The city of Lyon holds many mysteries. Like Île Barbe or the Saint-Jean Astronomical Clock, which have as many legends as years of existence, here’s another place that’s not bad in its genre. You might even say it’s a step up. Thrill-seekers are in for a treat. And we’re talking about angels, because this time we’re talking about a church like no other: l’Église du Bon-Pasteur. The high mass of the fart starts now!
Building a place of worship in every sense of the word
The crazy story of this church in the heart of the Croix-Rousse began with the presence of Napoleon III. In 1869, the Emperor came to lay the foundation stone in circumstances that were already disastrous: the Franco-Prussian war in the aftermath brought construction to a screeching halt. The construction phase was once again interrupted by the discovery of animal bones of all kinds, covered by Roman tiles… Satanic ritual or ancient ossuary, whatever the case, we’ve seen better welcome gifts.

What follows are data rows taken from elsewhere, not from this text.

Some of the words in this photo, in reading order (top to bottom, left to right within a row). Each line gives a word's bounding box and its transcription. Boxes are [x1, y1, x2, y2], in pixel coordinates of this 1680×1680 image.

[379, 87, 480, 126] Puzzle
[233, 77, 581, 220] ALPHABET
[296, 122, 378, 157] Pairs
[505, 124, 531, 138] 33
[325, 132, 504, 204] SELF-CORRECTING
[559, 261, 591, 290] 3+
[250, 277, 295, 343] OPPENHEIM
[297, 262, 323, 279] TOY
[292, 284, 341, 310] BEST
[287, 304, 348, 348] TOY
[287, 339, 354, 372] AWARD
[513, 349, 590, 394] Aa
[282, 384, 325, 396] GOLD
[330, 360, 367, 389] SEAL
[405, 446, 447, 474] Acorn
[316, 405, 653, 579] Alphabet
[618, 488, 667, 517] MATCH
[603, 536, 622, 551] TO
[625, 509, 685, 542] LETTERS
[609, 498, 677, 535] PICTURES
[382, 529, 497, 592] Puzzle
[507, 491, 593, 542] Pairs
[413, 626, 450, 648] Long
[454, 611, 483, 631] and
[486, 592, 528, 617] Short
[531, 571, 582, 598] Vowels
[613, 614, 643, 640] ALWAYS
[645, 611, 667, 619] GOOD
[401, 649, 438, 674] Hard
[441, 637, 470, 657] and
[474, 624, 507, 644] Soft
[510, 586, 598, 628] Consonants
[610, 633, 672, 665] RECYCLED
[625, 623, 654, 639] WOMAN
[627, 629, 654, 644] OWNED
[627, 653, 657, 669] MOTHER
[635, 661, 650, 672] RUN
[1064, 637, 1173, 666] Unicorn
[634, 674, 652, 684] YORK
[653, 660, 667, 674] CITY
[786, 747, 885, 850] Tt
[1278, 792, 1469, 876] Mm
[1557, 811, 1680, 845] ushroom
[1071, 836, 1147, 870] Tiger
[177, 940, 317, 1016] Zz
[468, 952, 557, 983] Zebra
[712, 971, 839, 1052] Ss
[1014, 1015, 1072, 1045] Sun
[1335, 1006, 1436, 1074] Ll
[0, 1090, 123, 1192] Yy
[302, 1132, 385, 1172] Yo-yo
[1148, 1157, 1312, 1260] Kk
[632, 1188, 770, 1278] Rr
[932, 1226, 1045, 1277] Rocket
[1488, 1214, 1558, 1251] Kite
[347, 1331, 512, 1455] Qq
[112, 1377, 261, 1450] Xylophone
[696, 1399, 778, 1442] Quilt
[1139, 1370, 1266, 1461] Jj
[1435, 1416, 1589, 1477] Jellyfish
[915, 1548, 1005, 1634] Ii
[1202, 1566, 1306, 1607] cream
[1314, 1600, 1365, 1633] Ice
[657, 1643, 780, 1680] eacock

The people of Lyon would have to wait 14 long years before being able to pay their respects in this parish. Another peculiarity is that the steps leading up to the main entrance never existed; the faithful had to use the side doors. A strange way to enter the house of the Lord, which by definition is always open…
But where does the series of miscellaneous facts about the Church of the Good Shepherd end?
Quickly disused, the church fell into a state of sordid disrepair. A fire in the ’80s and the continuing deterioration of the premises, coinciding with the presence of Beaux-Arts students using the site at the same time, continue to fuel the legend surrounding this church. Some talk of a squat, satanic meetings and all that goes with it. It’s impossible to know what’s true and what’s false, but what’s certain is that, given the current state of the premises, the church wasn’t just visited by altar boys.
As you’ll have gathered, Lyon’s Église du Bon-Pasteur doesn’t take half-measures when it comes to events, and seems to have only its name to console itself. Whatever the case, it feeds our imagination, and continues to do so. We remind you that the premises are closed and strictly forbidden to the public and, believe us, you’d be better off staying under the comforter!